Instructions for the task
Give back exactly the lines of the entries below from the line with "this 1440×1080 image." to the line with "this 1450×1000 image.", inclusive, and only those.

Material for this task
►

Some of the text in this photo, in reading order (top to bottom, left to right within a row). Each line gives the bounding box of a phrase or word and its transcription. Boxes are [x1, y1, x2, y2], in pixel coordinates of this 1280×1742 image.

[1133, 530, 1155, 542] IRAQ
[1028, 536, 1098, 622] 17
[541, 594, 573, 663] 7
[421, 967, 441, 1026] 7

◄
►

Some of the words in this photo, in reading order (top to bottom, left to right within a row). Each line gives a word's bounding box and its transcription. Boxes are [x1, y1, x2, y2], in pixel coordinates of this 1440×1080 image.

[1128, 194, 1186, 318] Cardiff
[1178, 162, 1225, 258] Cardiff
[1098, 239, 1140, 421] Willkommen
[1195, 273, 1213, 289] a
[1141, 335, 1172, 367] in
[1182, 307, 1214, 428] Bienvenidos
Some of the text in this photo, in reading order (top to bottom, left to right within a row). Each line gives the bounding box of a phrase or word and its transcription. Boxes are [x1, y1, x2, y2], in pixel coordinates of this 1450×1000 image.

◄
►

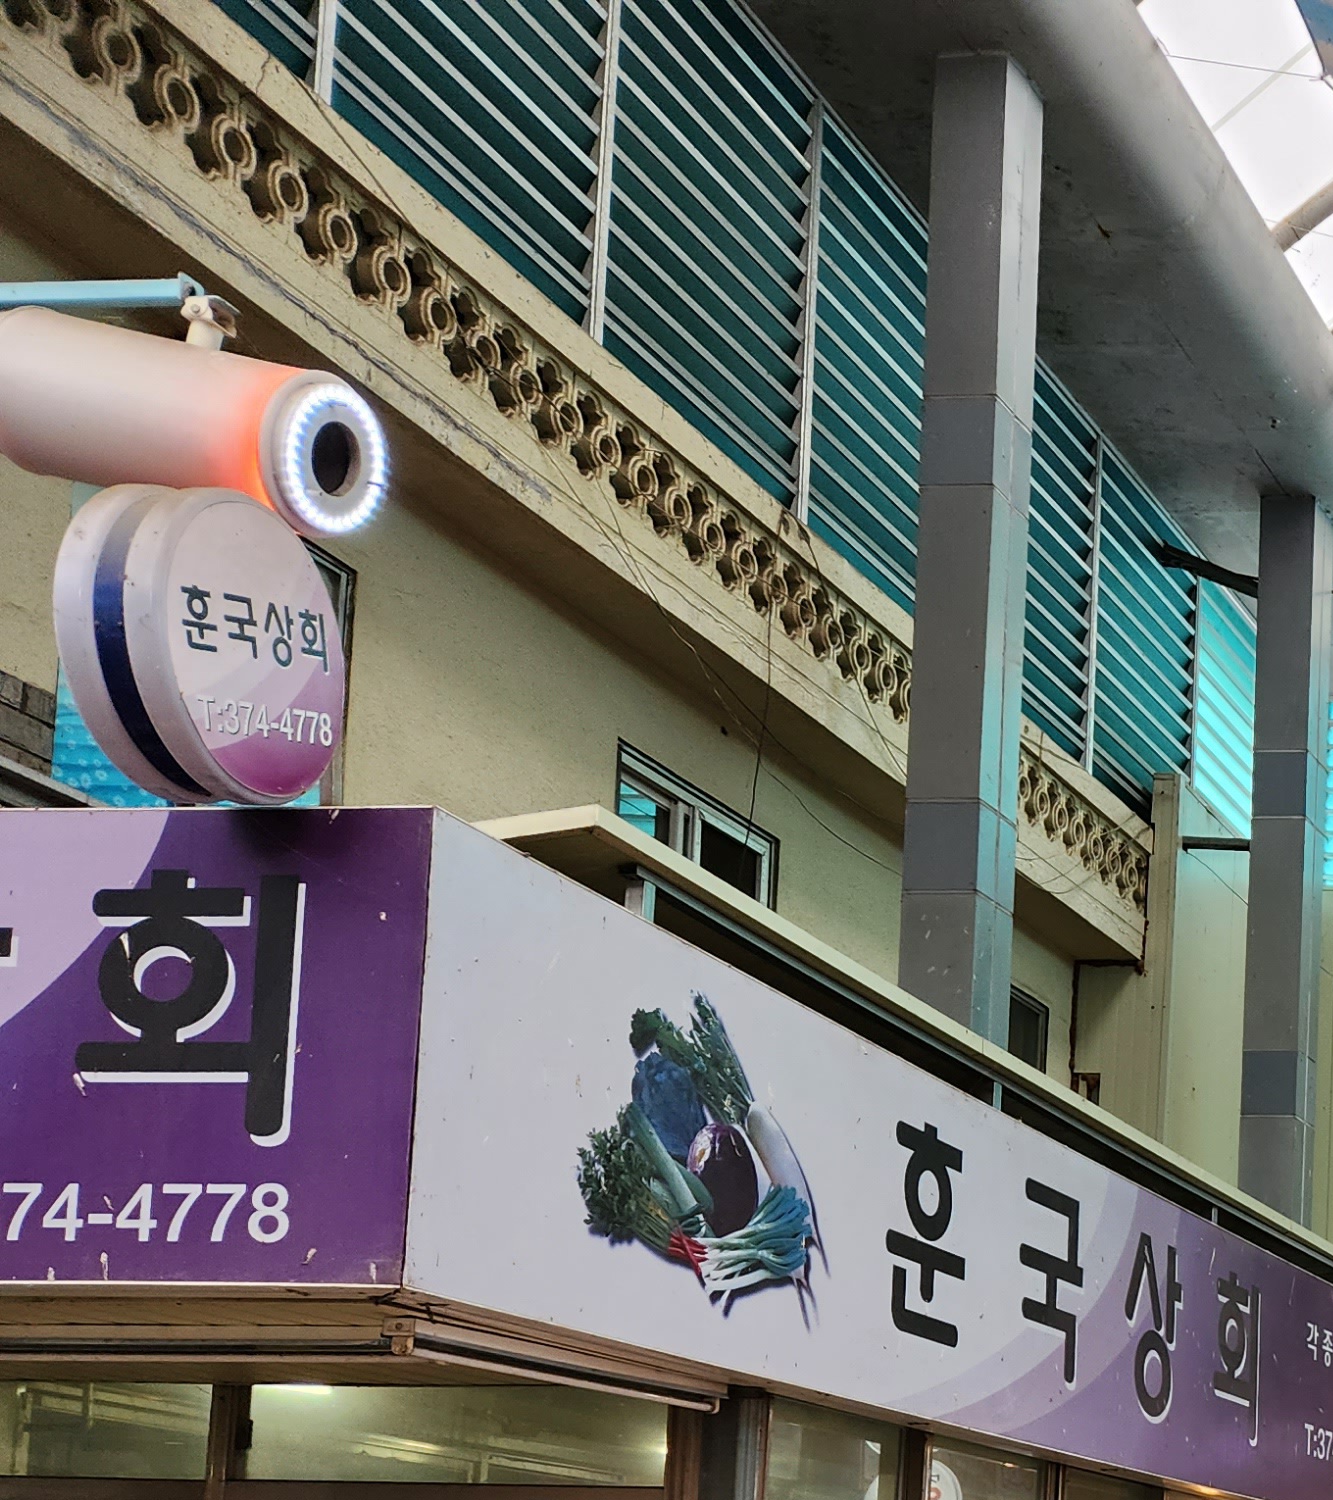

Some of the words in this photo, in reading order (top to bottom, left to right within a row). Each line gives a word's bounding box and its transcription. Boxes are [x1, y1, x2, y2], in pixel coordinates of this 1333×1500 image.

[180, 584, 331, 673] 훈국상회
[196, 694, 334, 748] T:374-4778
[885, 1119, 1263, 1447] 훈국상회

◄

Solution below
Some of the words in this photo, in reading order (top to bottom, left to right within a row). Each line gives a word's bounding box and its transcription. Boxes are [x1, y1, x2, y2], in pixel coordinates of this 1440×1080 image.

[1128, 194, 1186, 318] Cardiff
[1178, 162, 1225, 258] Cardiff
[1098, 239, 1140, 421] Willkommen
[1195, 273, 1213, 289] a
[1141, 335, 1172, 367] in
[1182, 307, 1214, 428] Bienvenidos
Some of the text in this photo, in reading order (top to bottom, left to right within a row). Each line gives the bounding box of a phrase or word and its transcription. Boxes are [x1, y1, x2, y2], in pixel coordinates of this 1450×1000 image.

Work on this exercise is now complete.